In the midst of ongoing national debates regarding drug pricing [1] and access to innovative therapies, patient assistance programs (“PAPs”) are facing an evolving legal landscape, as well as increased enforcement scrutiny from regulators and legislators on a state and federal level. PAPs provide financial assistance to patients in a variety of forms, including free or discounted products, product coupons, and copayment assistance, to provide assistance to patients with limited financial means. These programs are generally administered through independent charitable organizations or by foundations established by medical product manufacturers. The U.S. Department of Health and Human Services (“HHS”) Office of the Inspector General (“OIG”) has continually acknowledged that properly structured PAPs can provide important “safety net assistance” to patients with limited financial means who cannot afford necessary drugs. This Client Alert provides a comprehensive review of applicable law and OIG’s evolving guidance regarding PAPs, including the OIG’s unprecedented rescission of a favorable advisory opinion, as well as a review of other recent actions taken by the OIG, Department of Justice (“DOJ”), Internal Revenue Service (“IRS”), Congress, and state legislators. This Client Alert also examines a potential first amendment claim arising from increased government scrutiny of PAPs, and discusses key considerations for stakeholders that sponsor, administer, and engage with PAPs.

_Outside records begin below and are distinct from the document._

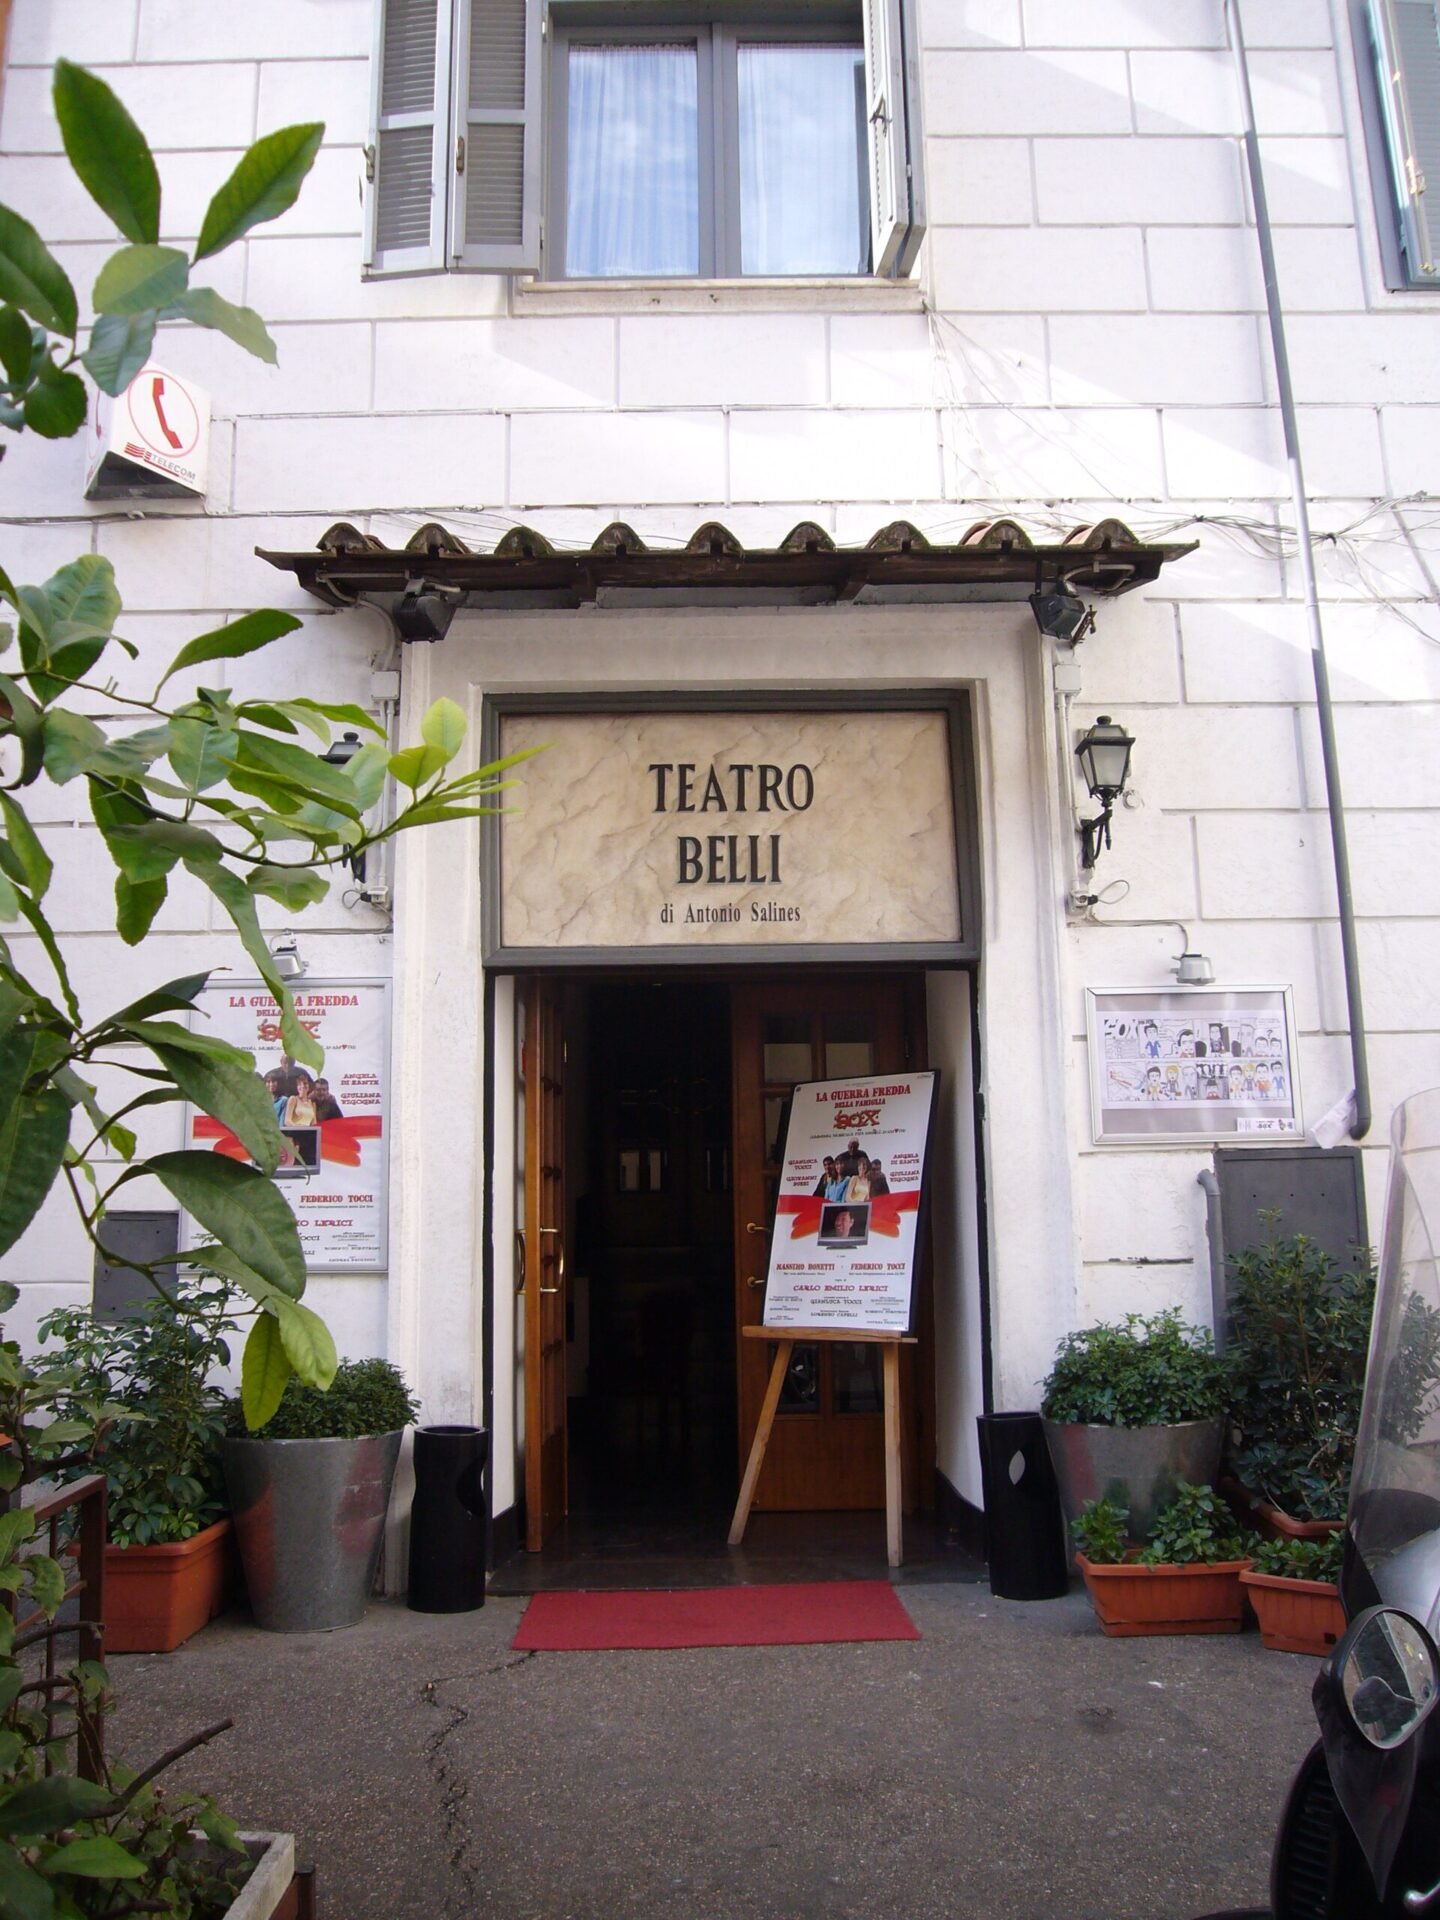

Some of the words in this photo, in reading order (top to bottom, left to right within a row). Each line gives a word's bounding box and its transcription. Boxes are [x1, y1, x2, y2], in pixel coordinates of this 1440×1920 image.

[152, 454, 196, 480] TELECOM
[648, 763, 814, 812] TEATRO
[677, 834, 781, 884] BELLI
[661, 903, 674, 923] di
[684, 903, 741, 923] Antonio
[751, 902, 800, 922] Salines
[229, 996, 246, 1007] LA
[307, 995, 359, 1006] FREDDA
[815, 1092, 828, 1102] LA
[831, 1088, 869, 1101] GUERRA
[872, 1084, 911, 1097] FREDDA
[855, 1098, 886, 1107] FAMIGLIA
[300, 1195, 344, 1203] FEDERICO
[347, 1194, 373, 1203] TOCCI
[315, 1219, 354, 1227] LERICI
[887, 1262, 906, 1270] TOCCI
[793, 1284, 821, 1292] CARLO
[824, 1284, 855, 1292] EMILIO

Federal Anti-Kickback Statute (“AKS”)

The AKS prohibits anyone from soliciting, receiving, offering, or paying any remuneration in return for a referral for an item or service that may be paid for by a federal health care program. [2] As a criminal statute, the AKS is intent-based, which means that an activity is only punishable if at least one party had the requisite intent to induce referrals. [3] A charitable purpose alone will not shield an arrangement from regulatory scrutiny under the AKS, particularly where a referral source receives a benefit. [4] Nonetheless, in numerous prior advisory opinions, the OIG has approved certain independent charitable programs that can help financially needy beneficiaries with health care expenses. Advisory Opinions on the issue have primarily focused on charities that provide assistance to patients who cannot afford cost-sharing obligations for prescription drugs, and have addressed whether the charities are sufficiently independent from drug manufacturer donors, and whether such patient assistance charities violate fraud and abuse laws.

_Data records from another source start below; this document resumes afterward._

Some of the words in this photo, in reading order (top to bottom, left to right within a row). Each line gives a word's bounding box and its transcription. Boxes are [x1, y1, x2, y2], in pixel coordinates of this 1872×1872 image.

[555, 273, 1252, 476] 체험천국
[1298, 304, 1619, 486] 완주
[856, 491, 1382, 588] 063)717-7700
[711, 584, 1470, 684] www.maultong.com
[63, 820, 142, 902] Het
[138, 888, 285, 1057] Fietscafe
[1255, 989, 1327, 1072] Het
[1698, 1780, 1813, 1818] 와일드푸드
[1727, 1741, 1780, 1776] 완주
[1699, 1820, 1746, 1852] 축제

The OIG has indicated that PAPs generally have two “remunerative aspects” that require scrutiny under the AKS: i) donor contributions, which the OIG stated can be analyzed as indirect remuneration to patients, and ii) financial assistance remuneration provided directly to patients. The OIG states that the AKS could be violated “if a donation is made to a PAP to induce the PAP to recommend or arrange for the purchase of the donor’s federally reimbursable items,” as well as if a PAP’s grant of financial assistance to a patient is made “to influence the patient to purchase (or induce the patient’s physician to prescribe) certain items.” [5]

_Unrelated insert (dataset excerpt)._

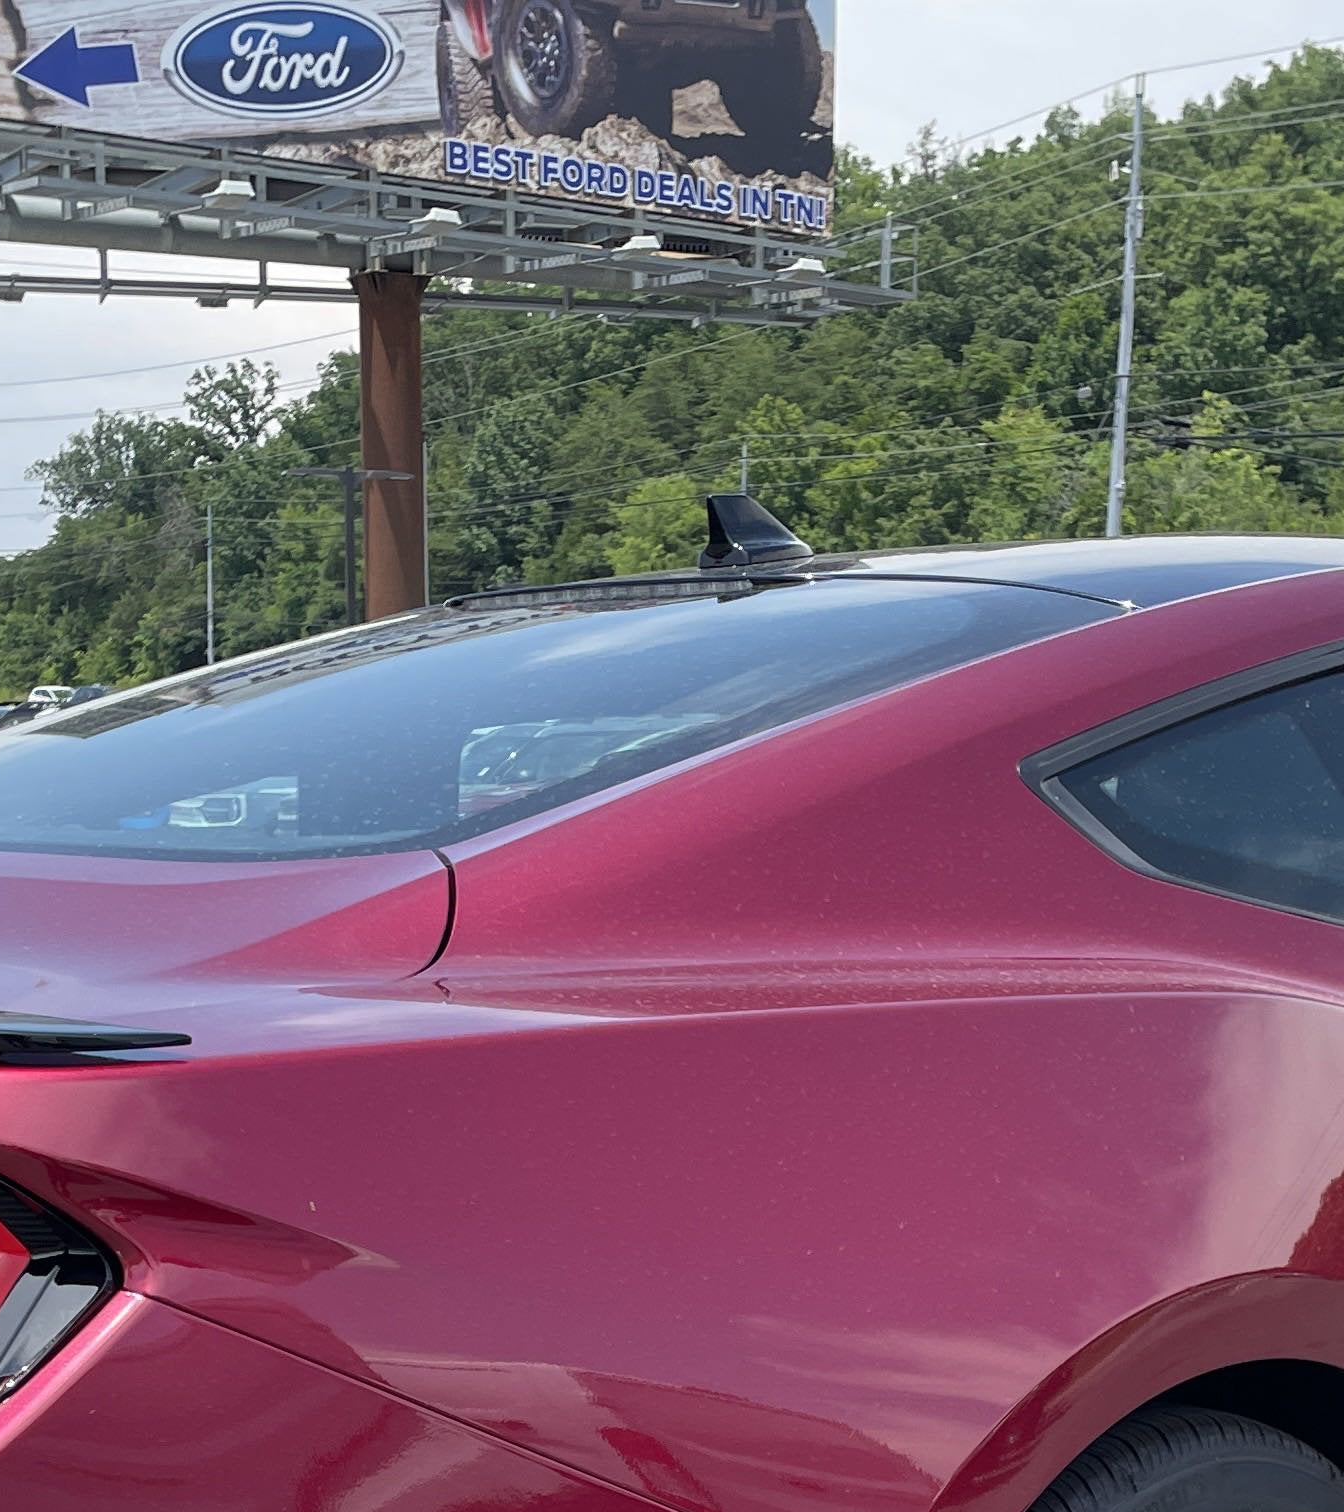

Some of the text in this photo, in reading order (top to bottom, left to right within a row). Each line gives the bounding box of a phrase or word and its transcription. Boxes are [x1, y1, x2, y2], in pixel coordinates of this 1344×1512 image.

In 2005, the OIG issued additional guidance in a Special Advisory Bulletin (“2005 Special Advisory Bulletin”) that considered fraud and abuse concerns associated with PAPs. [6] The 2005 Special Advisory Bulletin provided that certain cost-sharing subsidies provided by bona fide, independent PAPs unaffiliated with drug manufacturers do not raise AKS concerns, even if the PAPs receive manufacturer contributions. [7] The 2005 Special Advisory Bulletin also set forth factors that the OIG considers to be “fundamental” to a properly structured PAP, including that: no drug manufacturer donor (or its affiliate) exerts any direct or indirect influence or control over the PAP; the PAP awards assistance in a truly independent manner that severs any link between the drug manufacturer donor’s funding and the beneficiary; the PAP awards assistance without regard to the drug manufacturer’s interests, or the beneficiary’s choice of product, provider, practitioner, supplier, or Part D drug plan; the PAP provides assistance based upon a reasonable, verifiable, and uniform measure of financial need that is applied in a consistent manner; and the drug manufacturer does not solicit or receive data from the PAP that would facilitate the manufacturer in correlating the amount or frequency of its donations with the number of subsidized prescriptions for its products.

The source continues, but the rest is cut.